A cura di Fabio Comacchio, partecipante al viaggio solidale

L’incontro con le donne della Cooperativa Wawoto Kacel mi ha fatto pensare che, a volte, osserviamo solo una parte di ciò che vediamo e, quindi, ci sfugge l’aspetto più importante.

Siamo stati accolti in Cooperativa con un caloroso benvenuto, con sorrisi entusiasti e sguardi felici. Abbiamo visitato ogni reparto produttivo: il laboratorio di maglieria, pieno di gomitoli colorati con gli appunti tecnici e le istruzioni di lavoro; il reparto delle collane nel quale le donne si destreggiavano, con finissima abilità e velocità, nell’infilare le perline una dopo l’altra per la creazione di gioielli; in un’altra stanza c’erano ad asciugare i tessuti appena dipinti a mano. Le donne ci hanno salutato, senza sospendere il lavoro. Mia moglie ha invitato una donna seduta a terra ad alzarsi e lavorare sul tavolo: lei ha ringraziato sorridendo e rispondendo che stava meglio sulla stuoia, com’era abituata fin da piccola.

A un certo punto della visita, da uno dei reparti arrivava un rumore meccanico, sordo, che si ripeteva, ripeteva, ripeteva… Cosa poteva essere? Davanti a noi un telaio di legno per la tessitura, con spoletta a mano, come si usava un tempo. Mi sono domandato se forse non sarebbe stato meglio avere un telaio meccanico, ma forse era proprio questo che mi stava sfuggendo: questo progetto mette al centro la persona e non la produttività e l’efficienza, così come noi del nord del mondo intendiamo.

Questo piccolo dettaglio lo abbiamo percepito meglio quando abbiamo dialogato con tre donne: ci hanno spiegato come sono organizzate, il senso e la mission della cooperativa. Si tratta di donne con differenti problemi e quindi estremamente vulnerabili, che da sole non ce la fanno a vivere degnamente: sieropositive, mamme senza marito e con molti figli a carico.
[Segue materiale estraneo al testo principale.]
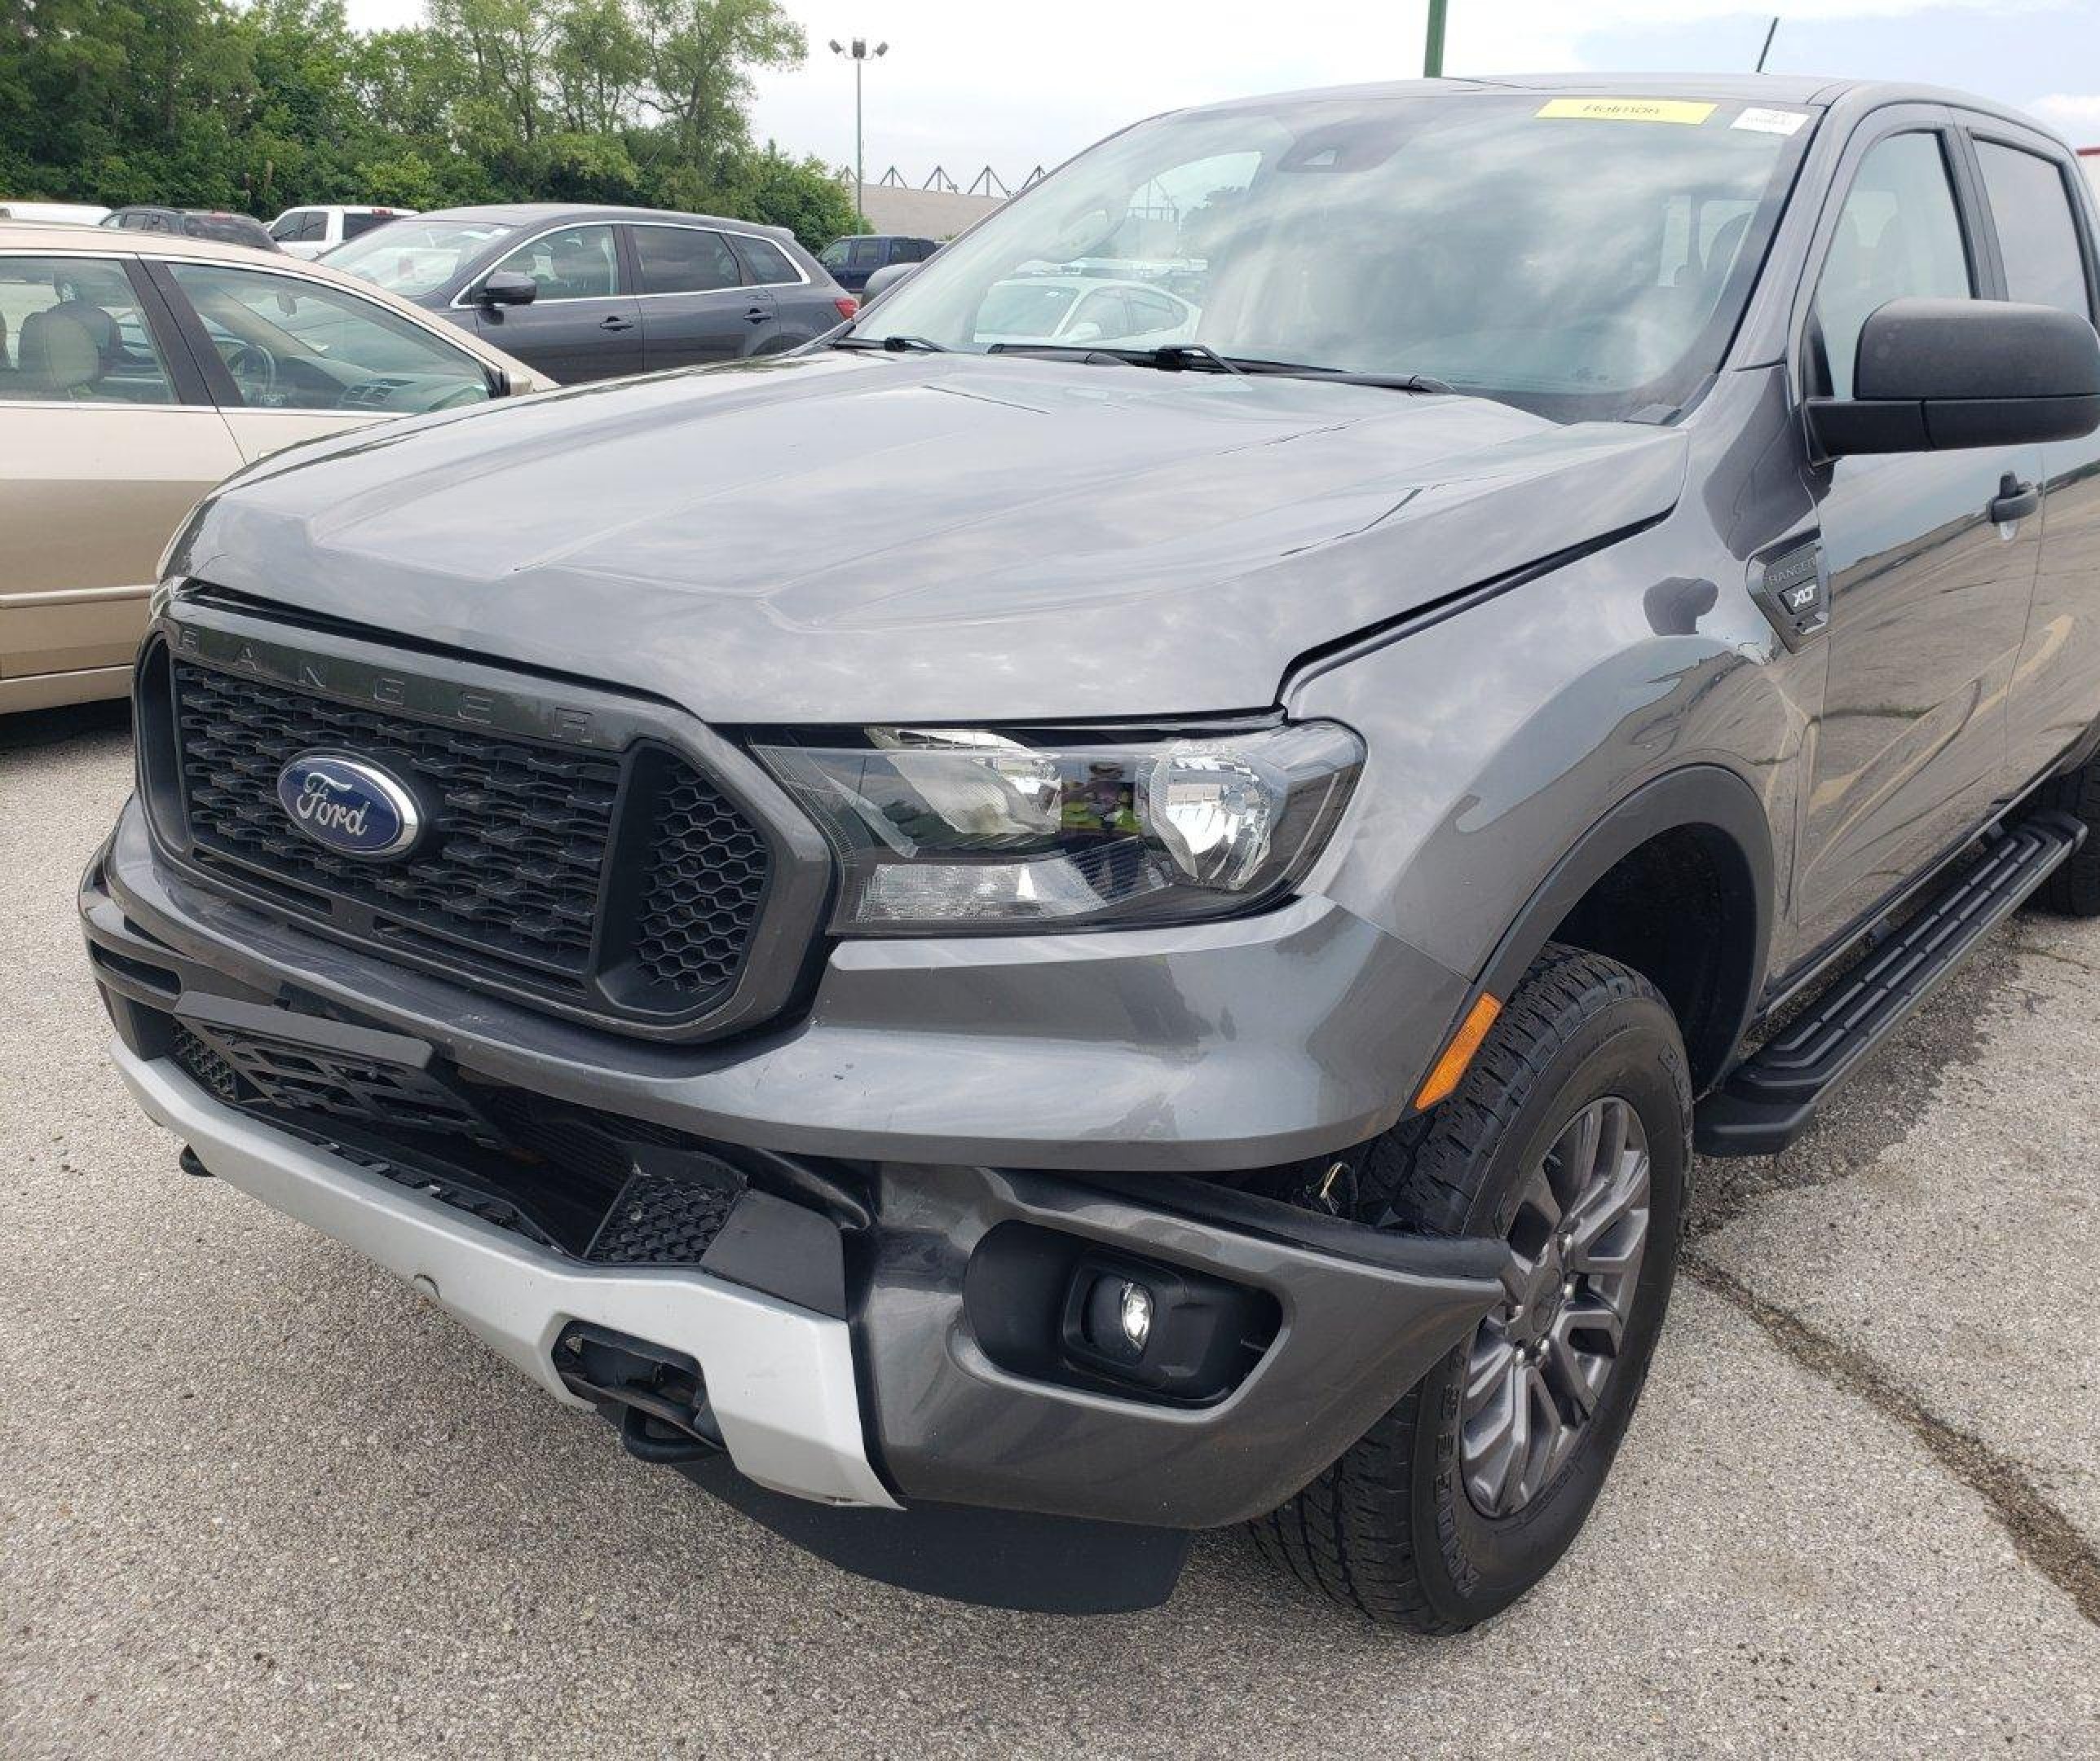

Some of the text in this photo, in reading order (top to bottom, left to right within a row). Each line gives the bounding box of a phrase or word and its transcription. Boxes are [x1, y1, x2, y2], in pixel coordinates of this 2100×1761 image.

[1768, 556, 1815, 585] RANGER
[1791, 584, 1817, 607] XLT
[176, 625, 594, 744] RANGER
[295, 771, 369, 836] Ford
In Cooperativa, oltre al lavoro, queste donne ricevono la possibilità di essere ascoltate da persone con i loro stessi problemi e da operatori capaci di supportarle nelle loro fatiche. Grazie alla collaborazione con l’ospedale St. Mary Lacor, hanno la possibilità di ricevere supporto medico e farmaci adeguati: qui l’HIV è davvero molto diffuso.

Amaro Filda ha 41 anni e lavora in cooperativa dal 2008 ed è vedova da 2010. Grazie a questo lavoro è riuscita a pagare la scuola ai tre figli, uno di questi ha già finito l’università. Ha avuto la possibilità di ricevere le cure adeguate perché sieropositiva. A casa possiede un campo che coltiva, quando non è in cooperativa, per dare da mangiare alla famiglia. Il suo sguardo ha incrociato il nostro e con un leggero sorriso ci ha trasmesso che è felice di raccontare com’è potuta tornare a vivere con dignità.
Prima della cooperativa viveva a casa isolata dalla famiglia e dalla comunità perché malata, e ora invece “vive”!
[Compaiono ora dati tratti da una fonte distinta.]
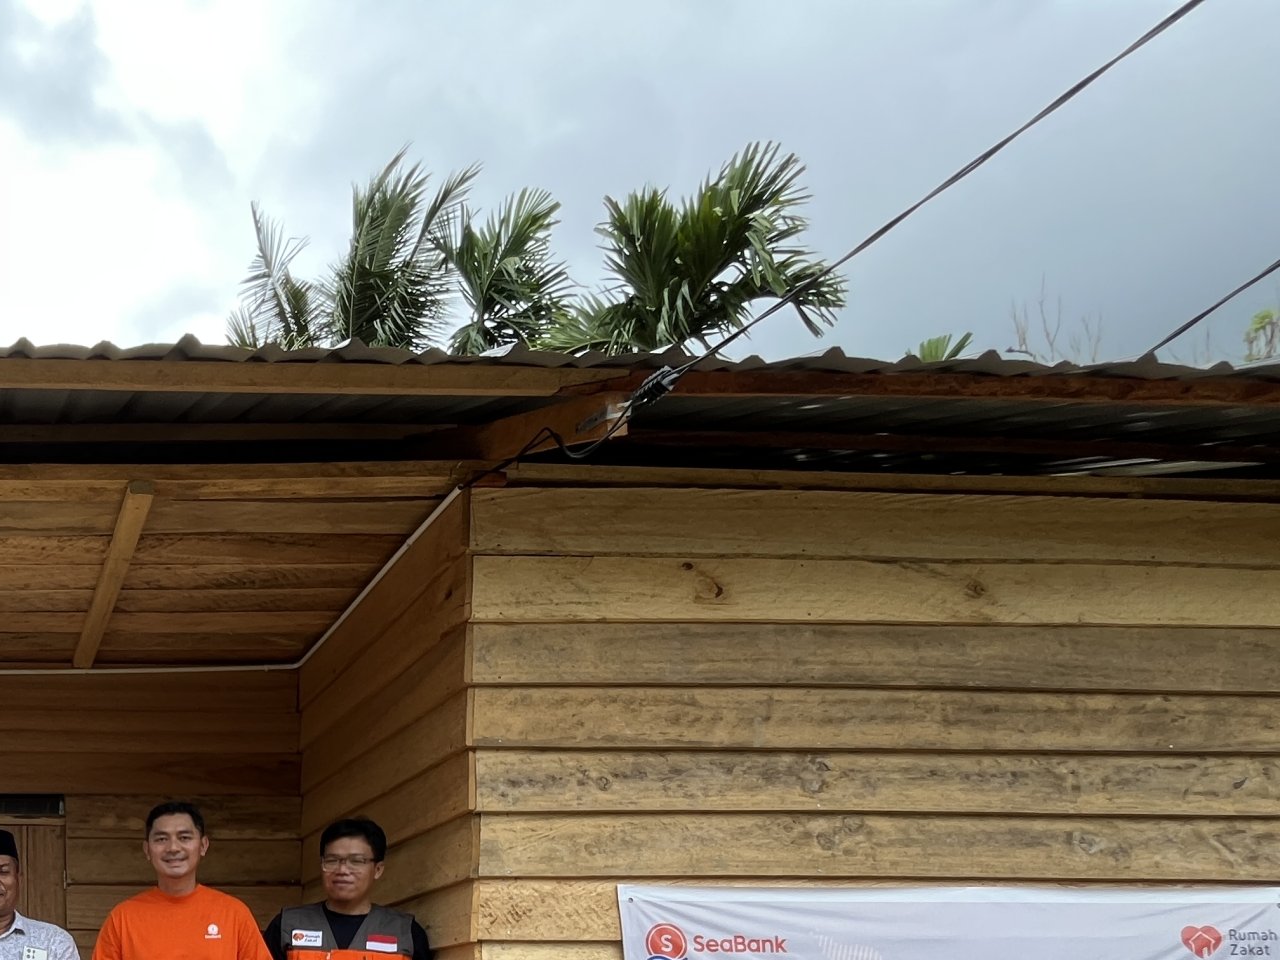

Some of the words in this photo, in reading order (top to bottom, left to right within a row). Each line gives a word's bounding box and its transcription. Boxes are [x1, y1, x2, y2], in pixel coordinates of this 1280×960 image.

[1228, 929, 1278, 941] Rumah
[693, 935, 787, 953] SeaBank
[1230, 943, 1270, 956] Zakat
Dopo aver ascoltato queste storie penso: “l’idea di la produttività dov’è finita?”. Forse, senza forse, queste storie ci vogliono ricordare che per rincorrere gli obiettivi di efficienza e produttività noi stiamo perdendo pezzi di umanità. È questa la grande lezione che mi porto a casa da questo prezioso incontro.
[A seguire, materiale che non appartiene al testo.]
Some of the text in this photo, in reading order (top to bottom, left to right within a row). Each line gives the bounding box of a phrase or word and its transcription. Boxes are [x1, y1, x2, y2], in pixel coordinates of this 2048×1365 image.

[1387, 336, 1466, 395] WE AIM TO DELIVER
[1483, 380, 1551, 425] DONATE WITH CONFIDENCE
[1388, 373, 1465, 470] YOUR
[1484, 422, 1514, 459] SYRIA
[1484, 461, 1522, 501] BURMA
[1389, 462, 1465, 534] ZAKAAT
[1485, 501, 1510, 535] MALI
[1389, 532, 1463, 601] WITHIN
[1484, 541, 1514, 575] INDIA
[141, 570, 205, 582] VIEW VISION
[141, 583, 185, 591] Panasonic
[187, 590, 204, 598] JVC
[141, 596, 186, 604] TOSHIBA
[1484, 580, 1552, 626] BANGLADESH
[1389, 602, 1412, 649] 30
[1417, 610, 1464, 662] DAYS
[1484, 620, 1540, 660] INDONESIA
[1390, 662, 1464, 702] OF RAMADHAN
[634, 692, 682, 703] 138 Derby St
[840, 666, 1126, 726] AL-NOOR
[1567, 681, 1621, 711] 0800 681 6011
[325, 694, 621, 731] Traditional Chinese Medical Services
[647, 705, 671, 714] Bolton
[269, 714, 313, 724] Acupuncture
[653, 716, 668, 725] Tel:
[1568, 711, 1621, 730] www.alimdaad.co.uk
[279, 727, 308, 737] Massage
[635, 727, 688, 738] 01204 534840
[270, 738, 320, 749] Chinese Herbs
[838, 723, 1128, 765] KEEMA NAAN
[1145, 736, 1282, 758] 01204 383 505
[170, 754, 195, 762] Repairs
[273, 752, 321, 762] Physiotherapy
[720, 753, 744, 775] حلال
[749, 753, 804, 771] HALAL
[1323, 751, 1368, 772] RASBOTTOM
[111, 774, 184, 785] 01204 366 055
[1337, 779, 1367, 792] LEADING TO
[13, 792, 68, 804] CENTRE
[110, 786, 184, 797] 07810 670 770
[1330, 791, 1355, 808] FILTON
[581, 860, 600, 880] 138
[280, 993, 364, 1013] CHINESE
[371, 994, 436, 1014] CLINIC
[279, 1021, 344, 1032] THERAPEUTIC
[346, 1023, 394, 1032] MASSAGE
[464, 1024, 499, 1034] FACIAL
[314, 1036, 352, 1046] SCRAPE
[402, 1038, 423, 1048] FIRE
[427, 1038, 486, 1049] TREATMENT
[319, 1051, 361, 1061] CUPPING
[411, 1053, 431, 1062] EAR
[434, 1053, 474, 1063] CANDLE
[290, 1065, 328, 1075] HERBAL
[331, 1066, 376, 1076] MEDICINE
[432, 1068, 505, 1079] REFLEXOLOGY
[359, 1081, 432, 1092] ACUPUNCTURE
Adesso, guardando questi oggetti fatti a mano dalle donne, ricordo i loro sorrisi, la loro fierezza nel poter contribuire all’economia famigliare e al miglioramento della Cooperativa, la loro gratitudine per aver recuperato le loro vite, penso che i loro manufatti siano davvero il prodotto della loro bellezza!